Some 20 years ago I had my first seizure, and I was told I have an AV malformation; an AV malformation is an arterio-venous malformnation, a tangled glut of arteries and veins with no capillaries in between. I was also told that since the AV malformation was located so near the optic nerve, surgery was out of the question.
The first neurosurgeon I went to after falling in my apartment that day looked at me as if I'd said pigs could fly when I told him that, then brought out a large, complicated illustration of the brain. Which didn't mean squat to me, except I gathered he was somewhat in disagreement with his colleague.
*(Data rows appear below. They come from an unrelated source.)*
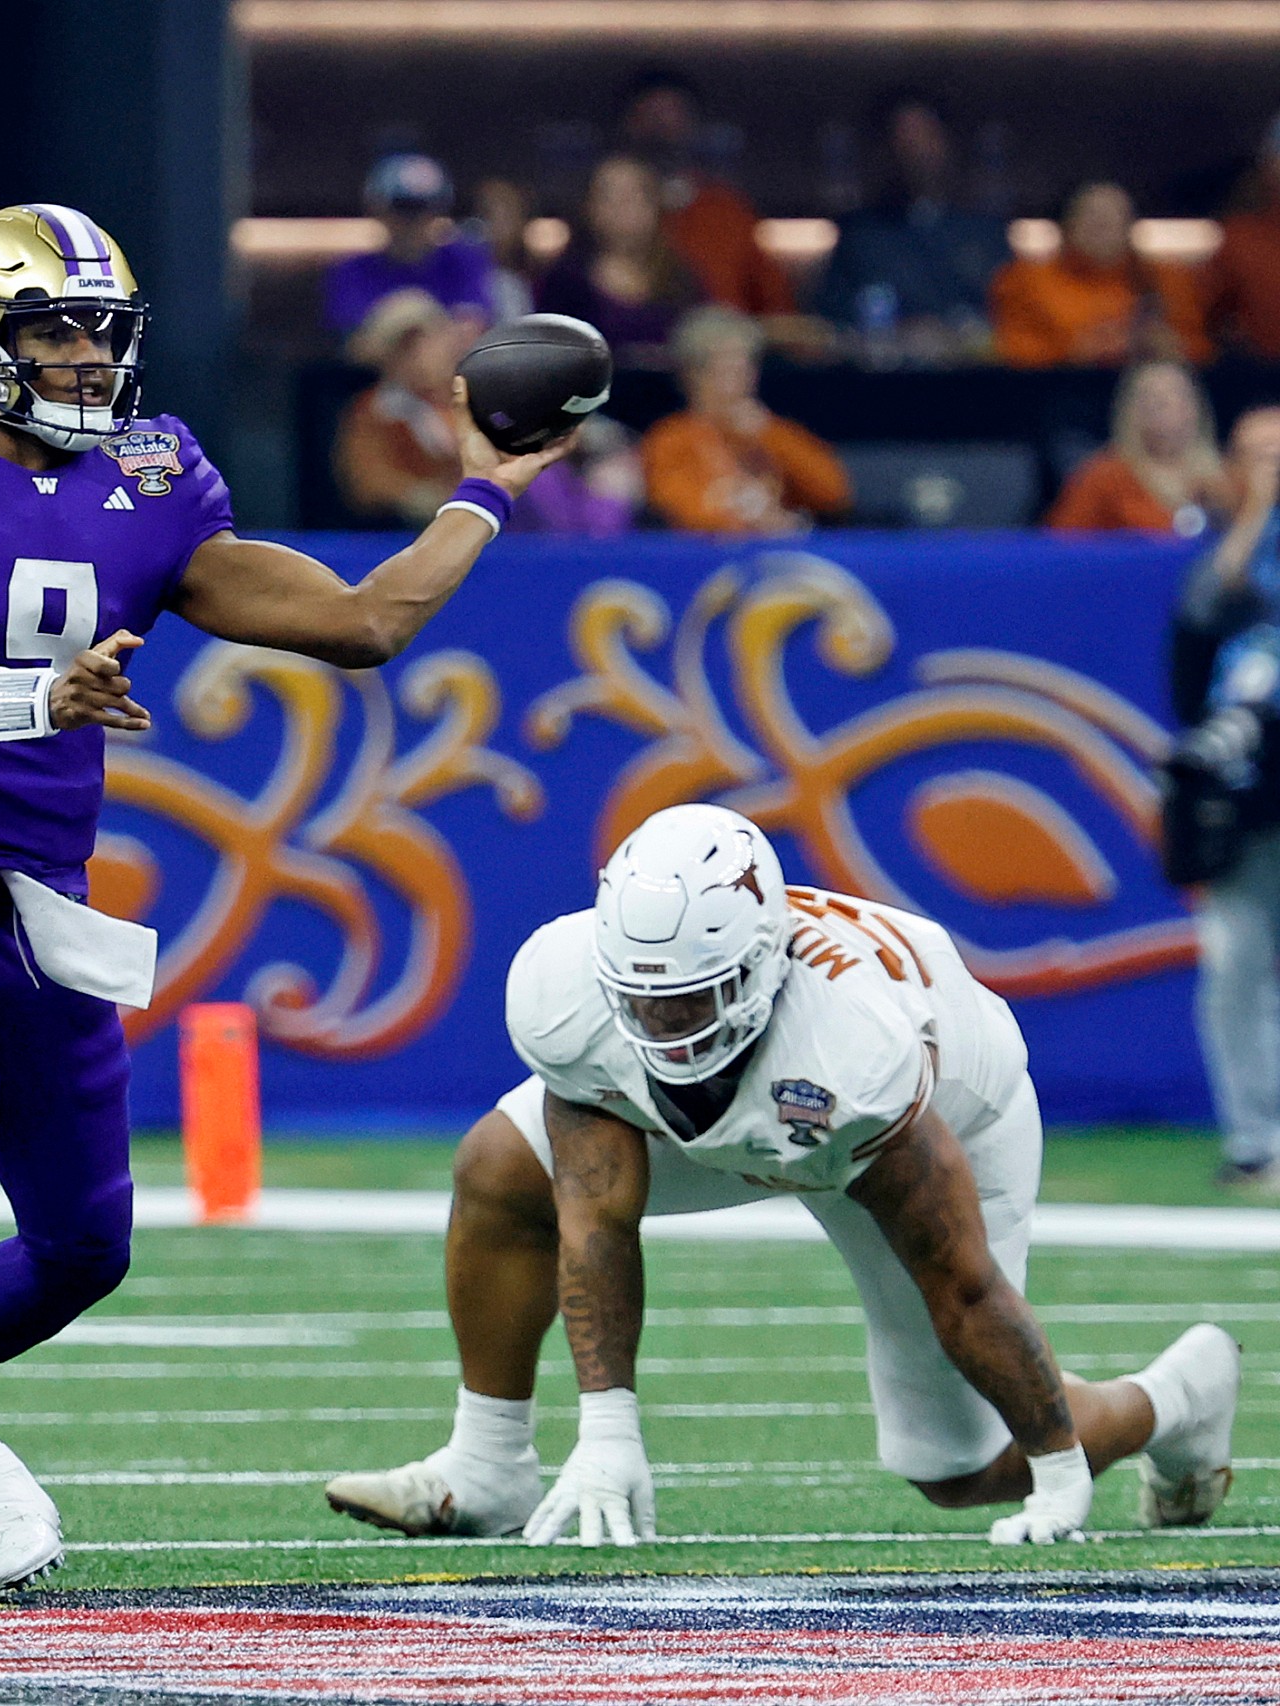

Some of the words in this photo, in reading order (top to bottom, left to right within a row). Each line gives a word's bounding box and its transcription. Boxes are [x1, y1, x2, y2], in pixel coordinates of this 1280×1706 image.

[119, 441, 167, 457] Allstate
[32, 477, 58, 495] W
[6, 557, 99, 676] 9
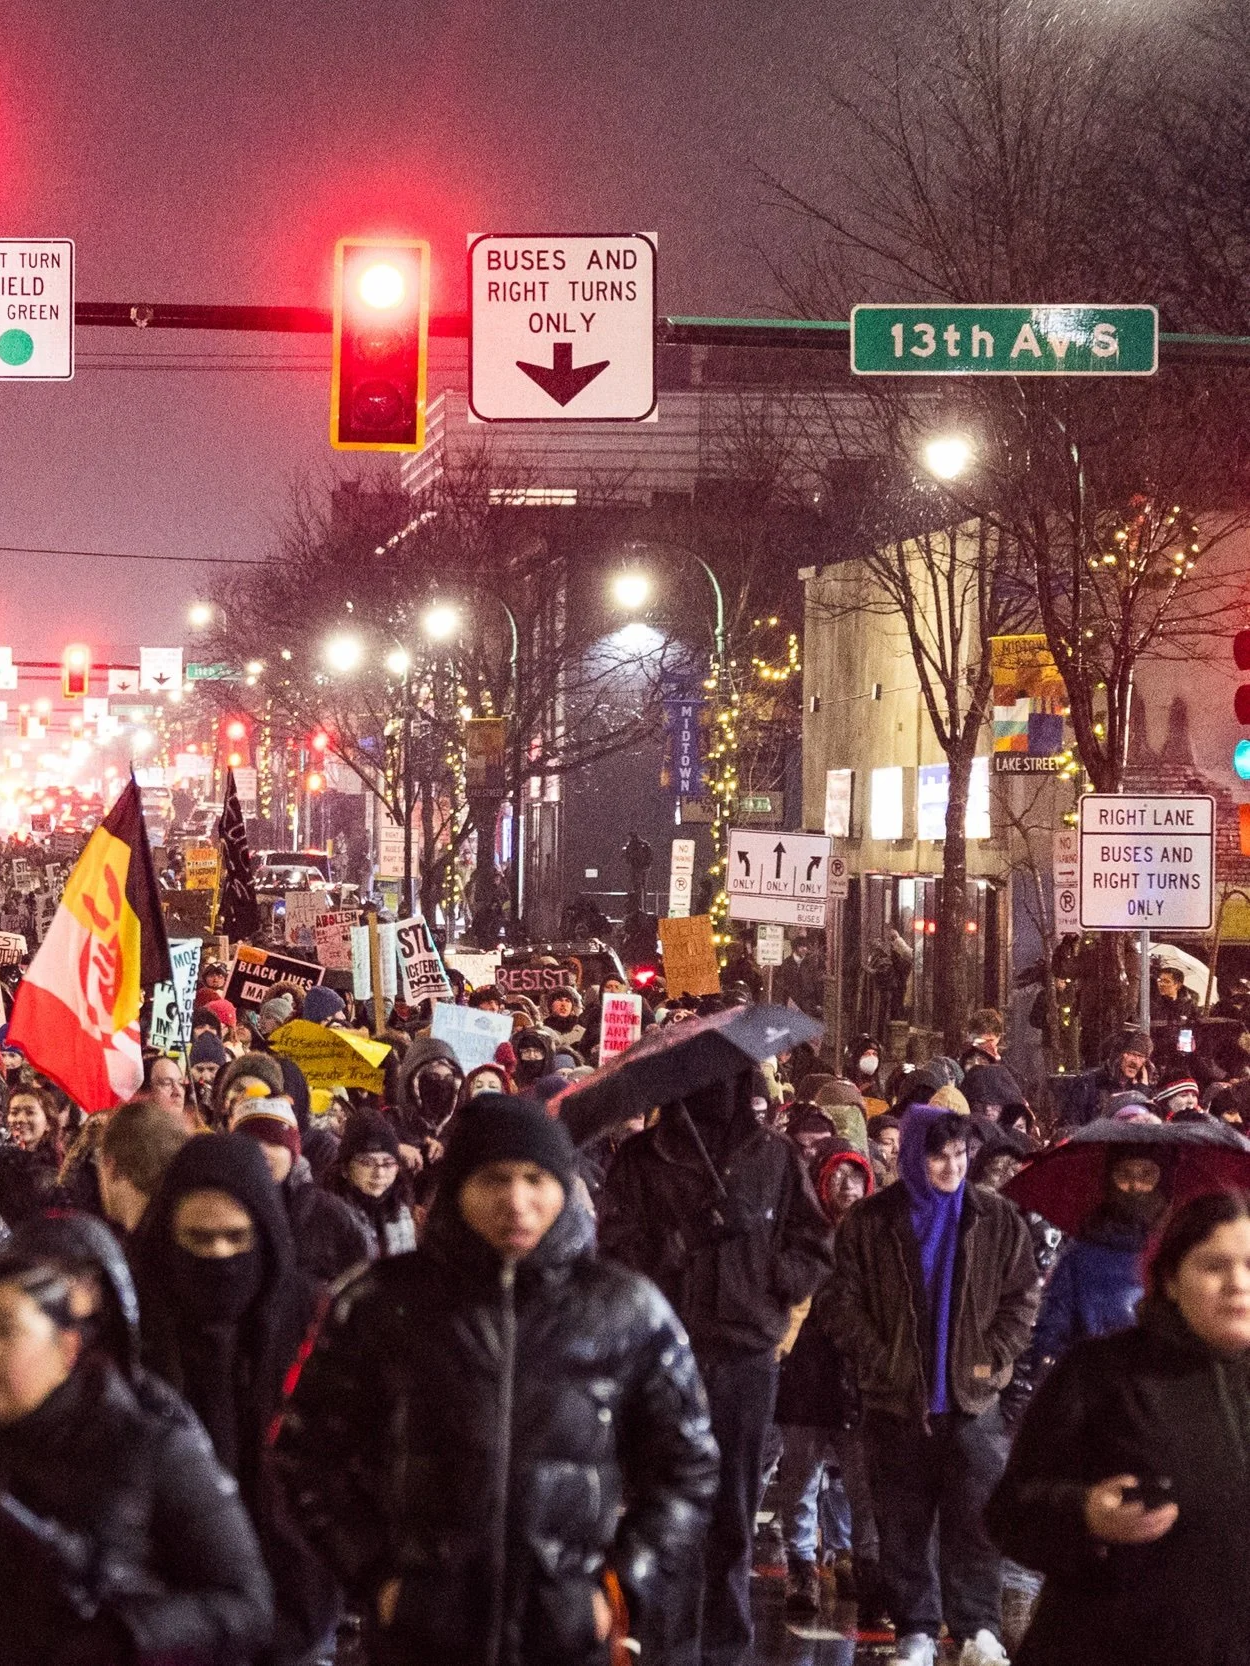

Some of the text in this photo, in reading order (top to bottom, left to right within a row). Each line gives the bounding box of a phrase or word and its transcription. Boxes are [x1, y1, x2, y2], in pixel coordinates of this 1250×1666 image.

[19, 252, 61, 268] TURN
[487, 250, 637, 270] BUSES AND
[488, 281, 637, 302] RIGHT TURNS
[7, 304, 59, 320] GREEN
[529, 312, 596, 333] ONLY
[891, 323, 995, 358] 13th
[1091, 323, 1119, 358] S
[681, 705, 692, 791] MIDTOWN
[996, 757, 1060, 772] LAKE STREET
[1099, 809, 1194, 826] RIGHT LANE
[1100, 846, 1193, 863] BUSES AND
[733, 879, 755, 889] ONLY
[766, 881, 789, 891] ONLY
[800, 883, 822, 894] ONLY
[1093, 872, 1200, 890] RIGHT TURNS
[796, 903, 824, 912] EXCEPT
[1126, 899, 1164, 916] ONLY
[797, 914, 821, 924] BUSES
[451, 956, 485, 968] ISTORY
[238, 960, 314, 992] BLACK LIVES
[408, 973, 448, 990] NOW
[496, 967, 569, 992] RESIST
[606, 1026, 630, 1039] ANY
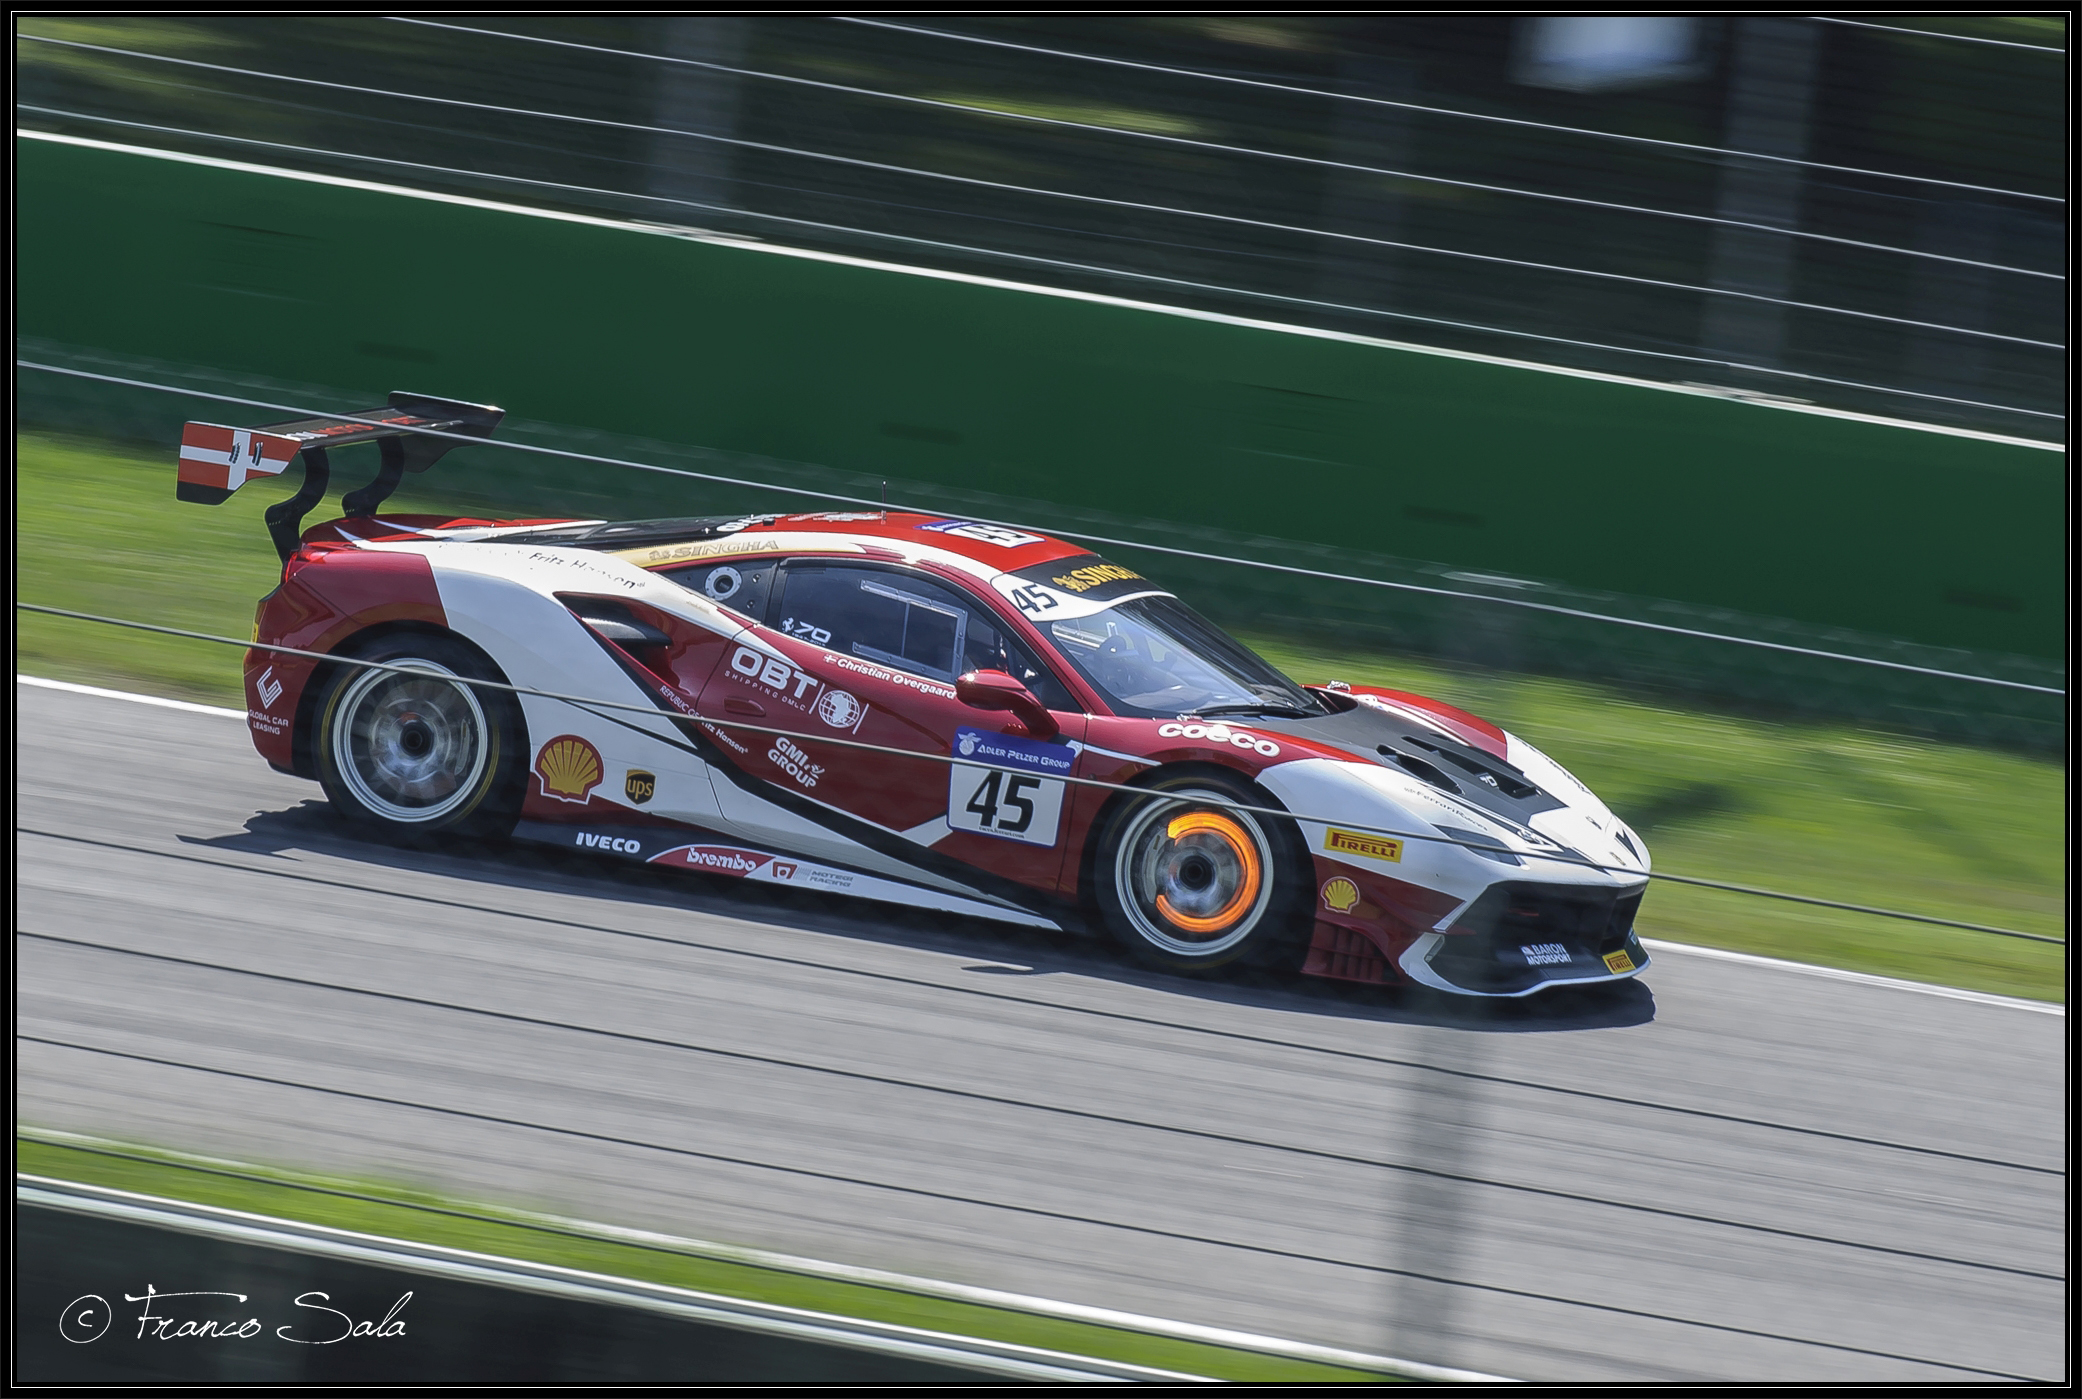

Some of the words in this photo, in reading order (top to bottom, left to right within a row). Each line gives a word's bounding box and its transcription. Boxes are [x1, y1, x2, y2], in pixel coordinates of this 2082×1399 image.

So that doctor sends me to another doctor, who thinks it prudent to run a test called an arteriogram. Having an arteriogram performed is a pleasant way to spend the day, provided you enjoy the prospect of having a sixteen gauge needle inserted in your groin muscle.
But this doctor isn't too worried about my little AV malformation problem, he says.
And then he gets the results of the arteriogram.
It seems there is an aneurysm associated with the AV malformation, which, since the last arteriogram was done, has grown from 3 mm to 6 mm. This, as the doctor tells me and which I suspected is, "not good."
Being a man of few words, the doctor hasn't told me much else, but he does say he wants to "consult" with some of his fellow neurosurgeons and neuro-radiologists. My next appointment, where I learn the outcome of this consultation, is still a few weeks away, plenty of time to scare myself silly by googling "aneurysm".
Which of course, I do, with all speed, and what I learn is this:
I do not want to be one of those people.
I do not want to be one of those people who refer to their aneurysm so often they've shortened it to "annie"; those people who join aneurysm support groups, who remain cheerful and upbeat, though their speech is now impaired and their left hand is withered; those people who speak bravely of their condition, but speak of little else.
I do not want to be one of those people for whom there is little else.
I do not want to be brave, I do not want to be admired for holding my half-shaved head up high.
I do not want to be one of those people. And I do not want to wait another two weeks before going back to the doctor with this thing growing in my brain, only to find out that like it or not, I am going to be one of those people.
In the meantime, I sit in my disaster of an apartment, unable to clean it properly. I get too dizzy standing for any length of time.
So I write. I write about the most ridiculous things...and the most awful people.
I write about things that ought to be and aren't.
I write as if any of it matters, and I carefully avoid writing about how scared shitless I am. I don't want to be one of those people either.
I just want my stupid little life back—where my apartment was a disaster because I hate housework, because I'm a slob who chooses to live in a pigsty, and not because my head hurts so much I can't move. Or I'm sick to my stomach and too weak.
I do not want to be one of these people.
(Update: There's good news and bad news, the bad news first: turns out there were actually three aneurysms associated with the AV Malformation. However, there is a procedure called "coiling", where platinum coils are deposited into an aneurysm, blocking the flow of blood. The good news is, two of the aneurysms have been successfully "coiled". I'll have another arteriogram to get through sometime soon, to check on the status of the "uncoiled" aneurysm. But so far, all seems well!)